:: PROVIDED ENTRIES ::
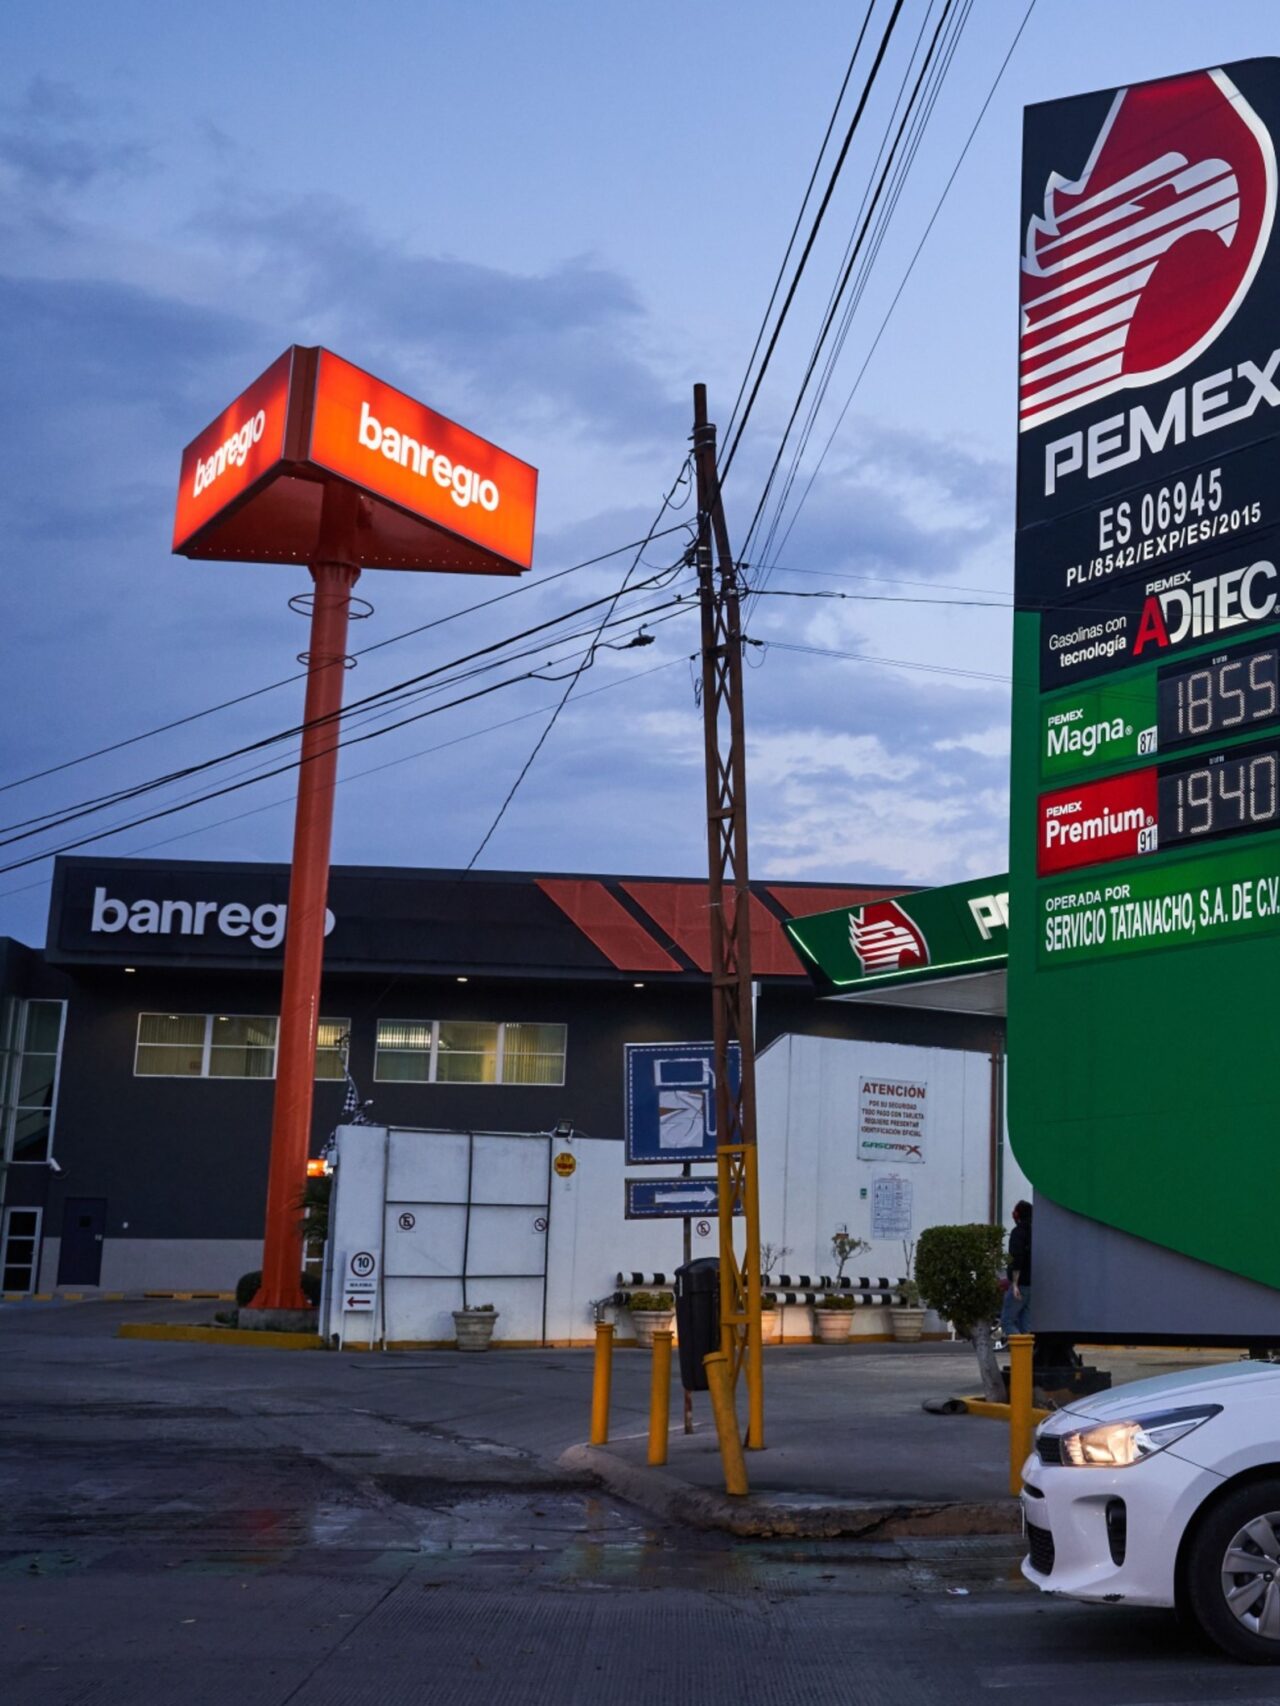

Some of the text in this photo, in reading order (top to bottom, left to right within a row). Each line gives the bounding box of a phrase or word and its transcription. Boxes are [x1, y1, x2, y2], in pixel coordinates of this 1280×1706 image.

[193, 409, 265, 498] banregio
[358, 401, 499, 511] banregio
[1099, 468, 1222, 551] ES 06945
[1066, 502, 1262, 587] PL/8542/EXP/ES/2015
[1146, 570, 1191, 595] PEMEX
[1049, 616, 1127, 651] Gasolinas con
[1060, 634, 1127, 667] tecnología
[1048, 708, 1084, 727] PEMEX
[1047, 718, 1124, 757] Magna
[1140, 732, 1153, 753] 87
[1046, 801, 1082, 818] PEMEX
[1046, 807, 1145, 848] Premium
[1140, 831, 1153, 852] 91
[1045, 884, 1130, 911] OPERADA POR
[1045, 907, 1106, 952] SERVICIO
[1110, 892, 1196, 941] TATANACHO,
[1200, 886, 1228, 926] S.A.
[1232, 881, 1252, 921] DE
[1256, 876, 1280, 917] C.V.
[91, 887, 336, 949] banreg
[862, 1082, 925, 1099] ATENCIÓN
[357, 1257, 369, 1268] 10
:::
> _DIRECTIONS_: The response should consist of the entries above, given again exactly and free of pictures.

> _RESULT FOR THIS TASK_:
Some of the text in this photo, in reading order (top to bottom, left to right within a row). Each line gives the bounding box of a phrase or word and its transcription. Boxes are [x1, y1, x2, y2], in pixel coordinates of this 1280×1706 image.

[193, 409, 265, 498] banregio
[358, 401, 499, 511] banregio
[1099, 468, 1222, 551] ES 06945
[1066, 502, 1262, 587] PL/8542/EXP/ES/2015
[1146, 570, 1191, 595] PEMEX
[1049, 616, 1127, 651] Gasolinas con
[1060, 634, 1127, 667] tecnología
[1048, 708, 1084, 727] PEMEX
[1047, 718, 1124, 757] Magna
[1140, 732, 1153, 753] 87
[1046, 801, 1082, 818] PEMEX
[1046, 807, 1145, 848] Premium
[1140, 831, 1153, 852] 91
[1045, 884, 1130, 911] OPERADA POR
[1045, 907, 1106, 952] SERVICIO
[1110, 892, 1196, 941] TATANACHO,
[1200, 886, 1228, 926] S.A.
[1232, 881, 1252, 921] DE
[1256, 876, 1280, 917] C.V.
[91, 887, 336, 949] banreg
[862, 1082, 925, 1099] ATENCIÓN
[357, 1257, 369, 1268] 10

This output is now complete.